Opponents of these laws do not seem optimistic about getting them overturned. Pepper-Jackson's lawyer is hoping the Supreme Court will send the case back to lower courts—presumably, he is either not confident considering the Supreme Court's current makeup or trying to buy time. Plus, "the court's three Democratic appointees appeared to recognize that the challengers faced an uphill battle," as Amy Howe wrote on SCOTUSblog. "They seemed to devote much of their efforts to mitigating their losses—either by getting one case thrown out or by limiting the court's decision to a narrow one."
When Kavanaugh mentioned the "uncertainty and debate" in this issue, he seemed to be arguing against the judiciary striking down the state bans on transgender athletes in women's sports.
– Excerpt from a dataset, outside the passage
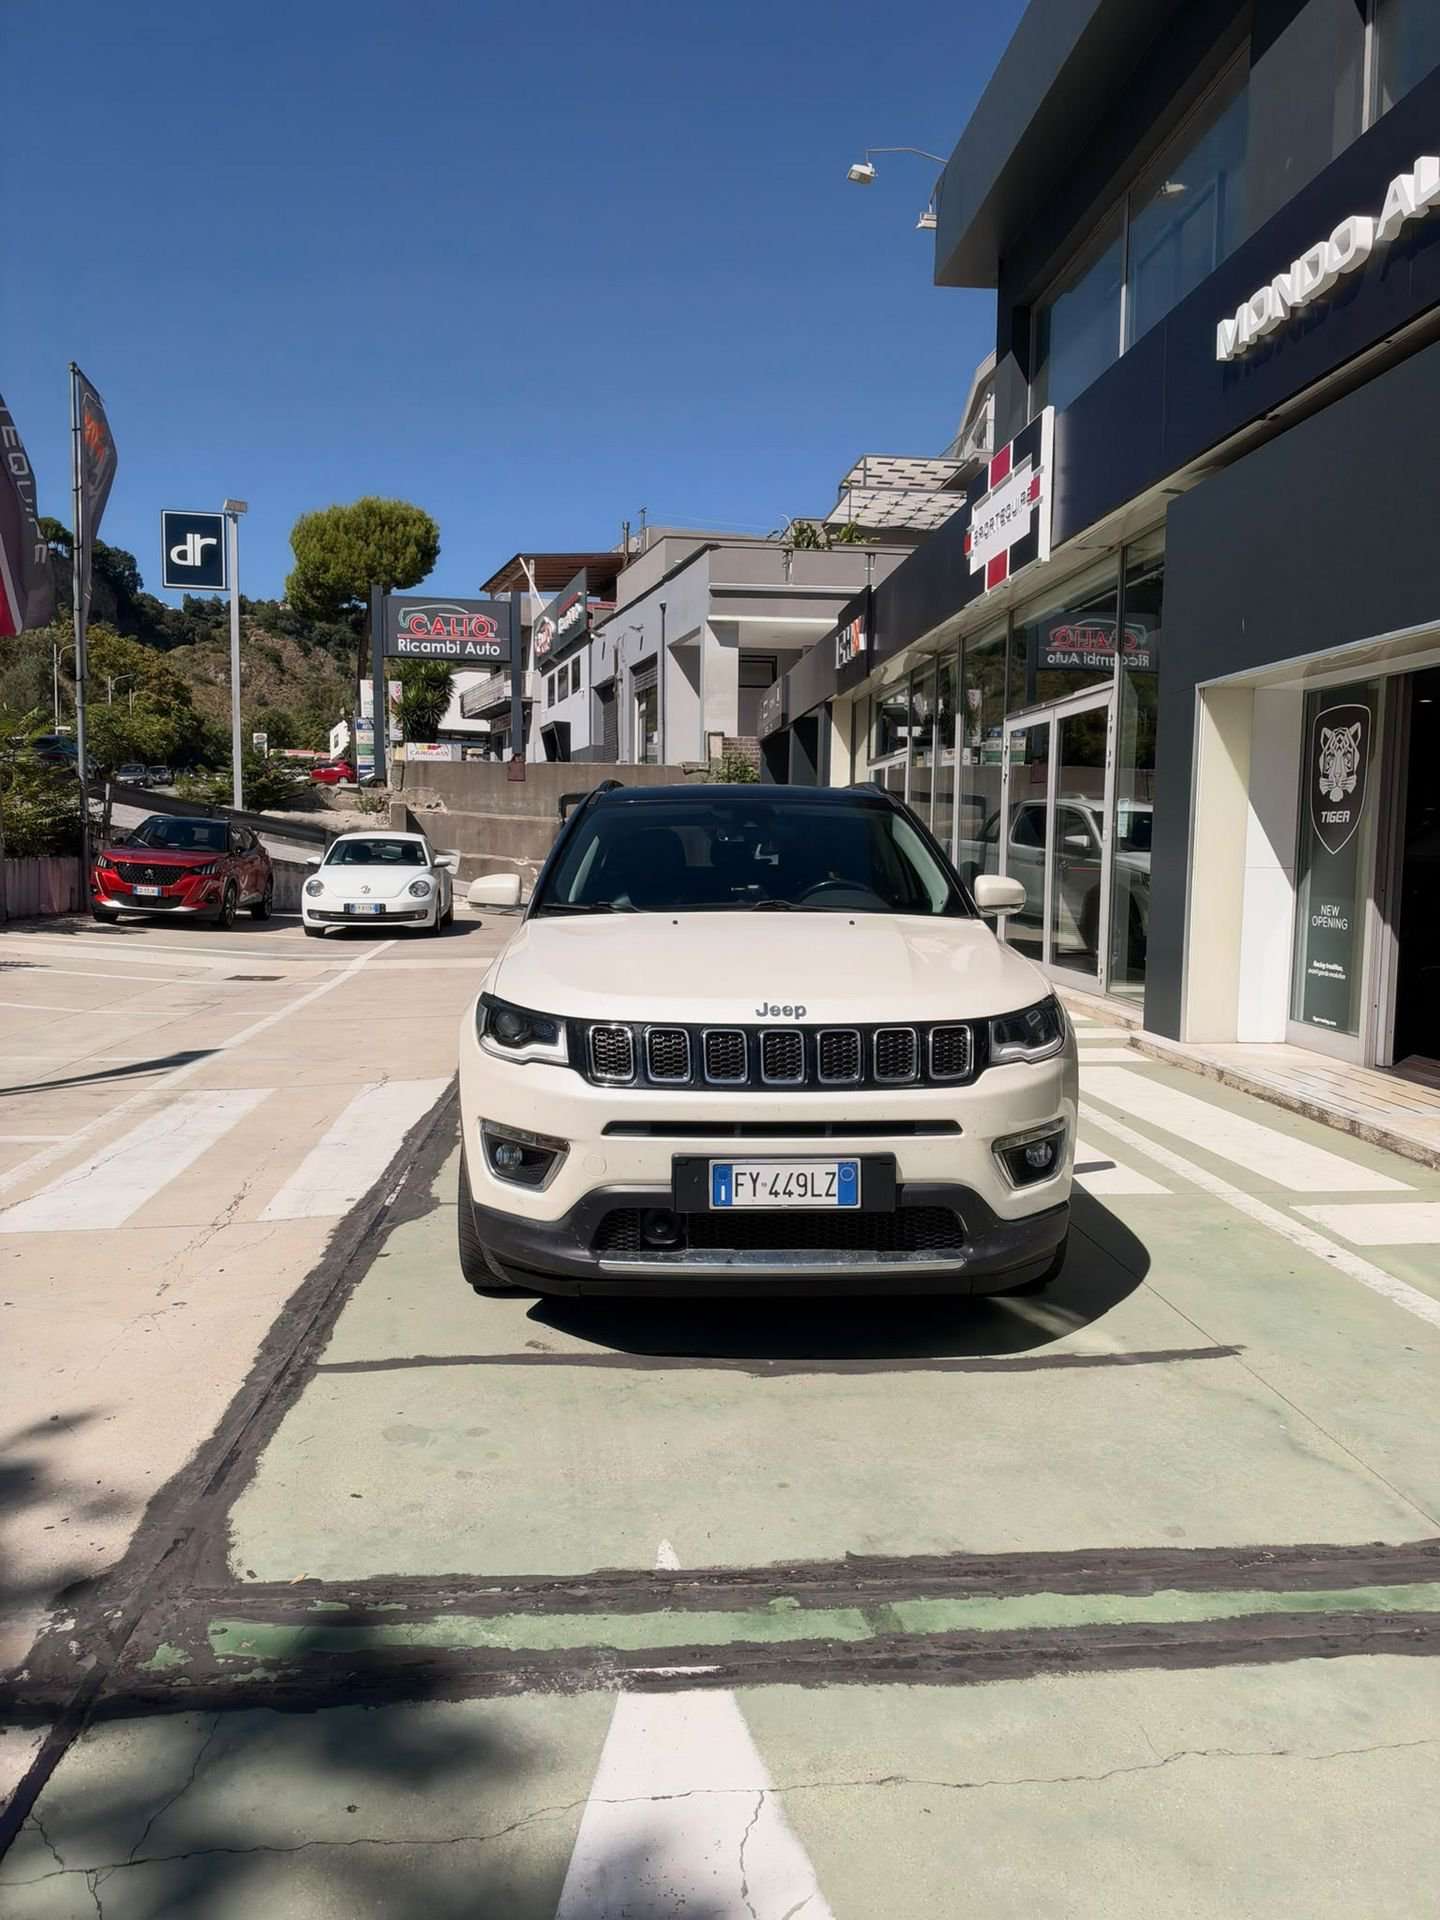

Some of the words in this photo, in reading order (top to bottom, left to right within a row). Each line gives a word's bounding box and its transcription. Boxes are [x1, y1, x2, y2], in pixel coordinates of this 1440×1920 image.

Legislators should take that argument further and realize the complexities of this issue do not lend themselves well to heavy-handed regulation. Transgender people are a fraction of the population, transgender athletes an even smaller one, but each one deserves a flexible law that takes into account nuance and changes in science. It does not seem like the politicians in Idaho and West Virginia have taken many of these unique edge cases into account—and on the opposite side in California, it does not seem like politicians have taken the competitive implications of their law into account.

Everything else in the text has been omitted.